Tuesday, November 25, 2014

Grammar gremlins everywhere

The longer I live (now in my 66h year), the more I see and hear people misuse the English language.

We used to call it "correct grammar" when we spoke and wrote appropriately.

Grammar is not at a premium in eastern Tennessee.

People in "them thar mountains" seem to have problems in particular with verb tenses. Note, for example, the picture (accompanying this blog post) that I snapped at the Veterans Administration Hospital Pharmacy in Johnson City, Tennessee: "If you seen a Dr today..."

Some examples of the verbal debauchery I hear in casual conversation quite frequently:

1. My husband ain't got no job.

2. He done it yesterdee.

3. I seen him in his car a goin' down the road.

4. He ain't done no good.

And here's one I heard in the mountains just the other day. (Breaks new ground in torturing our language):

"He's the spitefullest son-uv-a bitch you ever seen!"

When someone in East Tennessee refers to a crawfish, don't think about a creature that lives in a creek.

Rather, crawfish means to renege or go back on or violate what you previously promised, as in:

"Ole Tom said he'd git a job but he's a trying' ta crawfish outta it. He ain't done nothin' to go ta work."

If you read our novel (I have a co-author) Fish Springs: Beneath the Surface, you'll find many more examples of "mountain dialect."

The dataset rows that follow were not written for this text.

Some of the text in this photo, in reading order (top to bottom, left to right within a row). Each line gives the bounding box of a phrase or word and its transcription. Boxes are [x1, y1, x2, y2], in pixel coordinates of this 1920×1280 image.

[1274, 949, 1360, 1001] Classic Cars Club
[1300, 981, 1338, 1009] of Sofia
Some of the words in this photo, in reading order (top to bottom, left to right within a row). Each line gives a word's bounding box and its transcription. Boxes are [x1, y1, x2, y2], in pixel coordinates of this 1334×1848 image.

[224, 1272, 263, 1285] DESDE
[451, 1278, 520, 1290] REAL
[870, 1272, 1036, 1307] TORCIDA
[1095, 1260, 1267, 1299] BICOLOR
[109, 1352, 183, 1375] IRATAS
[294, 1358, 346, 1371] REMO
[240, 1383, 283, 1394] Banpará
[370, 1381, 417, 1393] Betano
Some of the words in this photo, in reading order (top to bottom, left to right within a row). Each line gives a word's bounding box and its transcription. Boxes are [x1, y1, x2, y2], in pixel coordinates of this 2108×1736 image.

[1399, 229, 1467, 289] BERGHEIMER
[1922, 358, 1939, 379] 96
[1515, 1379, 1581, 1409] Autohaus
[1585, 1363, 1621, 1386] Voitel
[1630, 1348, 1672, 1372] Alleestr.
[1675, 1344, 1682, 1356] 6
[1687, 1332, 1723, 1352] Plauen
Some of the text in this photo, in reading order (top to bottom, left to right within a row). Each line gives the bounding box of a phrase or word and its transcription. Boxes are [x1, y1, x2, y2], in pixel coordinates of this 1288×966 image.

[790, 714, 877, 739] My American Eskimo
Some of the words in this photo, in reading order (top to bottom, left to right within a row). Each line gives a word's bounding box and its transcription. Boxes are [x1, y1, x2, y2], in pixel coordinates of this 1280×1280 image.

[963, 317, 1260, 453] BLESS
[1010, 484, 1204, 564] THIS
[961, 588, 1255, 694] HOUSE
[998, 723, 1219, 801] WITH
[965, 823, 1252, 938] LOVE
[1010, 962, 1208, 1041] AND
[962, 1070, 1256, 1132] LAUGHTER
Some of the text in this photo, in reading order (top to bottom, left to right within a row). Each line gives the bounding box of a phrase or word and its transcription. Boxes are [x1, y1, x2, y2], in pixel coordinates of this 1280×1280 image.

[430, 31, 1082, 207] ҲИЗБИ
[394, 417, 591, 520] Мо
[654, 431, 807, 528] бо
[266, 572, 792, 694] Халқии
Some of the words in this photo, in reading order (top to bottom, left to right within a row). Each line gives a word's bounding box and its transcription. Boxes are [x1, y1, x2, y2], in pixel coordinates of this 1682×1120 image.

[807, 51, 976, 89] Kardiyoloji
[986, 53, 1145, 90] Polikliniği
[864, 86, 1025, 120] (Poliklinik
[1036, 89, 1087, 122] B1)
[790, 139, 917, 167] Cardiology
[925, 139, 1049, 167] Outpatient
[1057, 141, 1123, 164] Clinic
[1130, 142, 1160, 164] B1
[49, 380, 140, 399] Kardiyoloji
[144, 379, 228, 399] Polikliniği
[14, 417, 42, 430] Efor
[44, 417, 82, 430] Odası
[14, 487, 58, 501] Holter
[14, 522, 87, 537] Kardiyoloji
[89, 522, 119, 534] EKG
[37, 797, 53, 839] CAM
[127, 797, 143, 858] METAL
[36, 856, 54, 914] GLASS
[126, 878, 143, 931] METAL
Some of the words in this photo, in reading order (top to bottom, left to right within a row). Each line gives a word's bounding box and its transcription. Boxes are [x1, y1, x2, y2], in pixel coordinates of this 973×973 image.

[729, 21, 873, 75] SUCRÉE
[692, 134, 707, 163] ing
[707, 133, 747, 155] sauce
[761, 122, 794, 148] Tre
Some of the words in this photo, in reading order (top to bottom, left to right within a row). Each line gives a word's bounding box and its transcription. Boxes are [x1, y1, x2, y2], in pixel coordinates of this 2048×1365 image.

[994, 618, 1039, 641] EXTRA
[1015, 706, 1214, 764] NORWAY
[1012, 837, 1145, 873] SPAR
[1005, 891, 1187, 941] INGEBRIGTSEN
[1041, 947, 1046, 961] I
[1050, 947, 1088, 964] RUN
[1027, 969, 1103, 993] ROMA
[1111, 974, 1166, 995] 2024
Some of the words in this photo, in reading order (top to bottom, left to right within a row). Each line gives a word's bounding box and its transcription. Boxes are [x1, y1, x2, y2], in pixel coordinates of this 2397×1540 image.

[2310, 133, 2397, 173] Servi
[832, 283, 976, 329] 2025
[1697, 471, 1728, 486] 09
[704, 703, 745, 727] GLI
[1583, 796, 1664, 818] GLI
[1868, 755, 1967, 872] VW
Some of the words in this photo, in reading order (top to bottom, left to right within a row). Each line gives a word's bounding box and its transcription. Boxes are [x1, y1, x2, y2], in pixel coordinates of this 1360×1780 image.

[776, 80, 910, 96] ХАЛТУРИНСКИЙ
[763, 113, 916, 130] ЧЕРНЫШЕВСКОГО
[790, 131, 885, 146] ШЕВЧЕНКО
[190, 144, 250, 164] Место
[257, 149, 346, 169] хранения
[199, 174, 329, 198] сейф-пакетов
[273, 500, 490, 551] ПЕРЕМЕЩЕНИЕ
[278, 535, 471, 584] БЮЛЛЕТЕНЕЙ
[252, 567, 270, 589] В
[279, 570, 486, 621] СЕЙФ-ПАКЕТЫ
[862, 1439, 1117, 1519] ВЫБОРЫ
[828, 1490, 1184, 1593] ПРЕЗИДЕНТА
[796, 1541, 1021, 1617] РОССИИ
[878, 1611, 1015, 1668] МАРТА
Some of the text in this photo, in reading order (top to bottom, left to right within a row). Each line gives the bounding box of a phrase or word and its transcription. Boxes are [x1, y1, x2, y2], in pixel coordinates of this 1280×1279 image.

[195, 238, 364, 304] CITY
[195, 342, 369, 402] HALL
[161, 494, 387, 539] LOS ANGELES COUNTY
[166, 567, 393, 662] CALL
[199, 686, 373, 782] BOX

It was a challenge to recall and write it, but it was also fun. I drew upon years of writing colorful colloquialisms I had heard in Tennessee (and elsewhere) to give readers a sense of how hillbillies talk.

So take it in that spirit.

One last tidbit: My Mom, who passed away in July 2013 at age 87 in Elizabethton, Tennessee, told me about hearing an acquaintance (an elderly gentleman) declare that he had to go see a "choir practice" because of his aches and pains.

Mom said she scratched her head in puzzlement, then later in the conversation deduced that the man actually had an appointment with a chiropractor.

To this day when someone tells me they're going to see a chiropractor, I correct them and say: "You mean you're actually going to a choir practice?"